Your answer should consist solely of the lines from the one containing "this 1280×1709 image." through the end of the entries below, duplicated exactly.

Collected data:

>>>

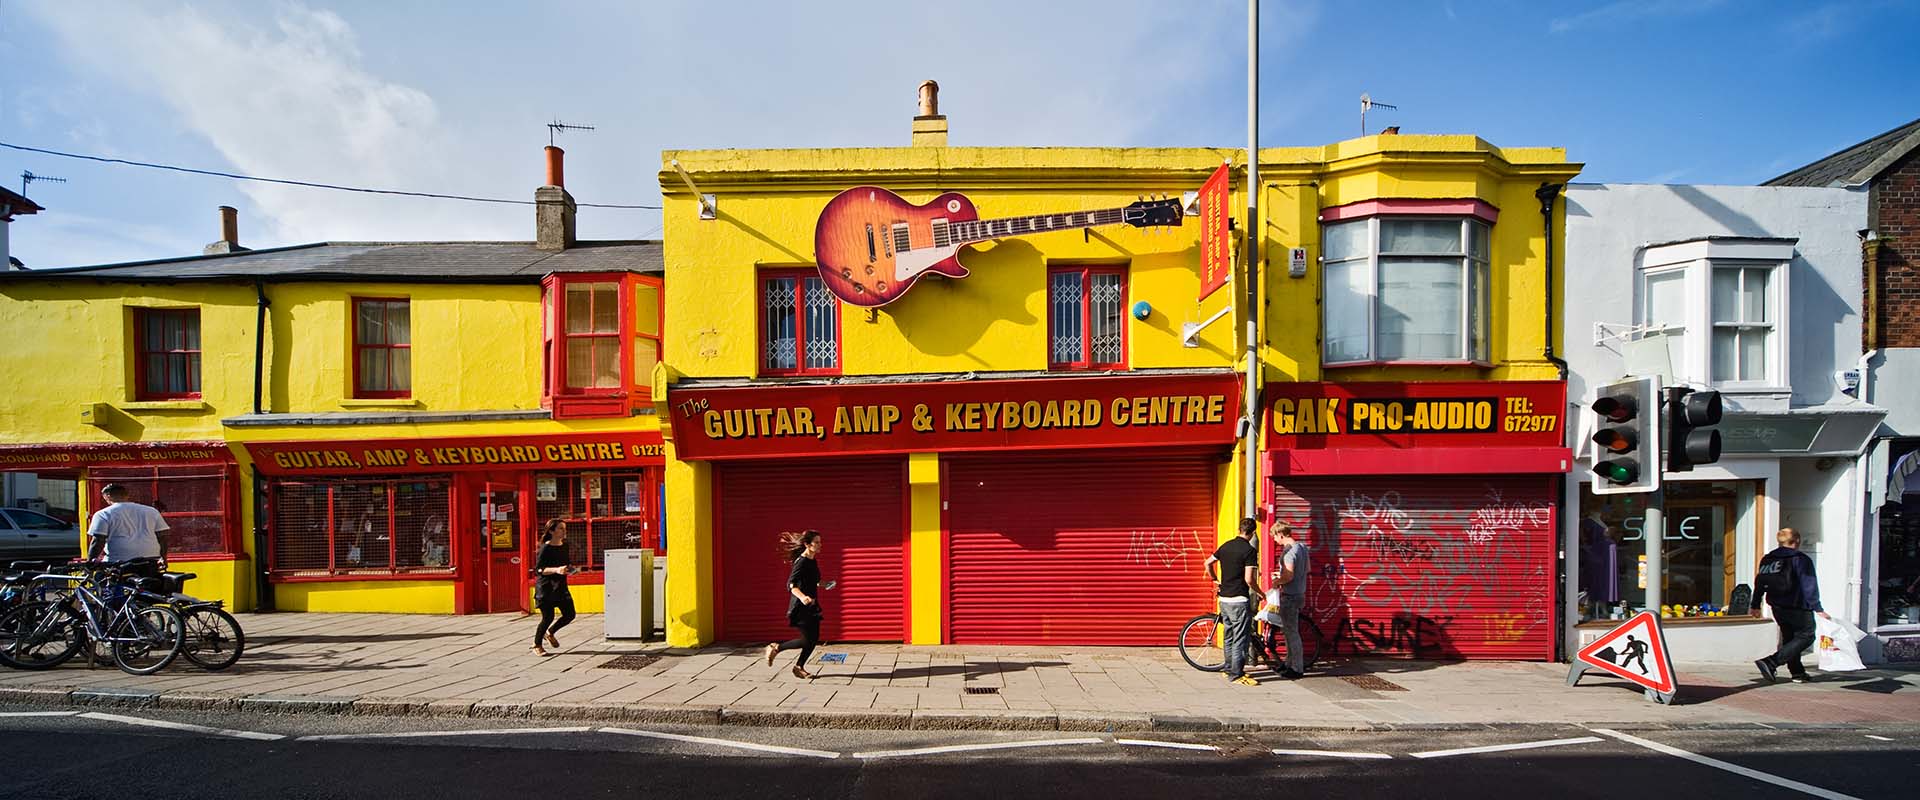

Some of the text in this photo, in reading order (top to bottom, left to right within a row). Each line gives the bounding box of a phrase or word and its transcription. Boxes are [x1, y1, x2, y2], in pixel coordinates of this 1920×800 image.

[678, 396, 710, 419] The
[1273, 398, 1491, 434] GAK PRO-AUDIO
[1505, 397, 1533, 414] TEL:
[703, 395, 1225, 440] GUITAR, AMP & KEYBOARD CENTRE
[1504, 415, 1556, 432] 672977
[76, 453, 135, 462] MUSICAL
[143, 450, 216, 460] EQUIPMENT
[274, 442, 665, 469] GUITAR, AMP & KEYBOARD CENTRE 01273
[1623, 516, 1700, 540] SLE
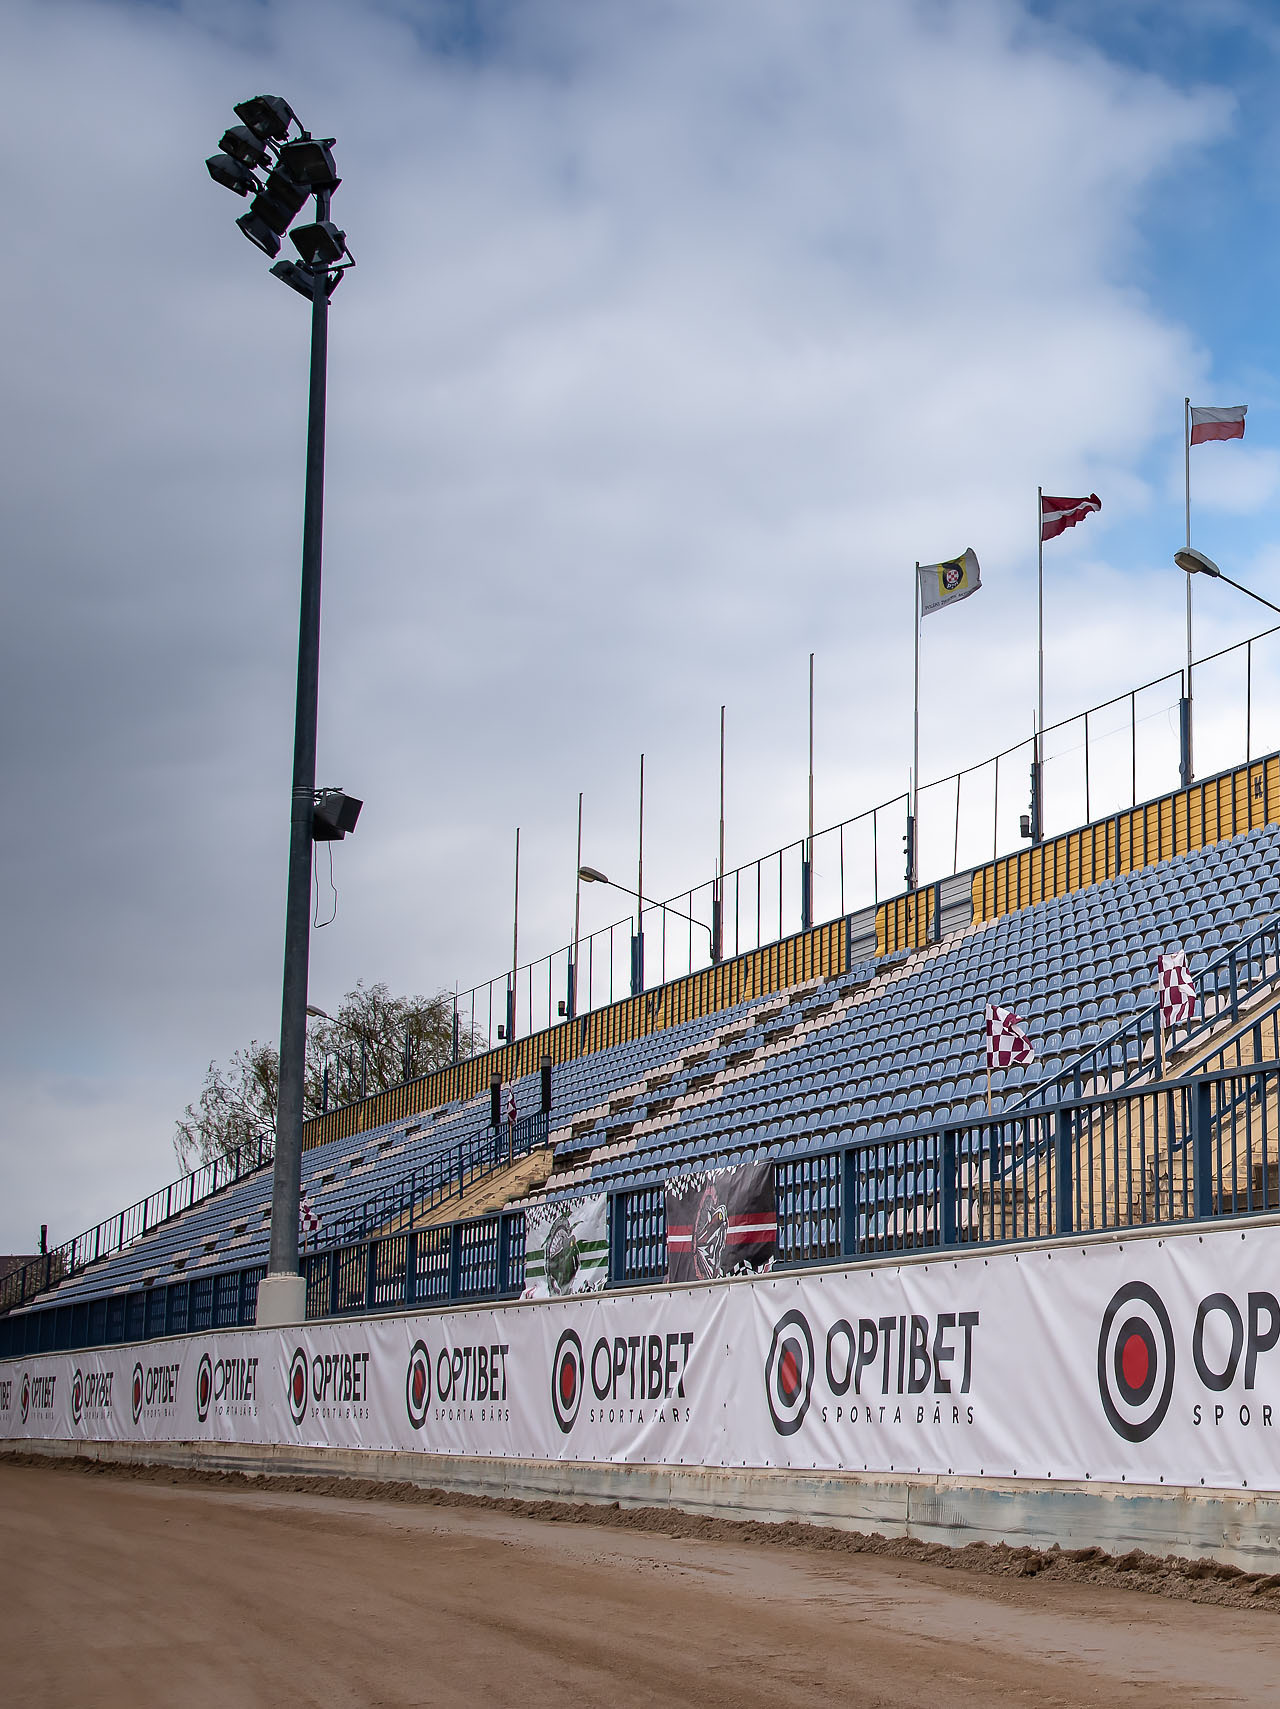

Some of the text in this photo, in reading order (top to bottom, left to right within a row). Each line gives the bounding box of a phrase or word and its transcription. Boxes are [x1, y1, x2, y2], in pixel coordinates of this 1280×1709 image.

[437, 1344, 509, 1402] OPTIBET
[591, 1332, 694, 1401] OPTIBET
[825, 1311, 980, 1396] OPTIBET
[145, 1364, 180, 1405] OPTIBET
[214, 1358, 258, 1401] OPTIBET
[312, 1352, 369, 1402] OPTIBET
[311, 1406, 369, 1420] SPORTA BĀRS
[435, 1405, 510, 1422] SPORTA BĀRS
[590, 1408, 644, 1423] SPORTA
[822, 1401, 974, 1424] SPORTA BĀRS

<<<

=== Answer area ===
Some of the text in this photo, in reading order (top to bottom, left to right within a row). Each line gives the bounding box of a phrase or word and its transcription. Boxes are [x1, y1, x2, y2], in pixel coordinates of this 1280×1709 image.

[437, 1344, 509, 1402] OPTIBET
[591, 1332, 694, 1401] OPTIBET
[825, 1311, 980, 1396] OPTIBET
[145, 1364, 180, 1405] OPTIBET
[214, 1358, 258, 1401] OPTIBET
[312, 1352, 369, 1402] OPTIBET
[311, 1406, 369, 1420] SPORTA BĀRS
[435, 1405, 510, 1422] SPORTA BĀRS
[590, 1408, 644, 1423] SPORTA
[822, 1401, 974, 1424] SPORTA BĀRS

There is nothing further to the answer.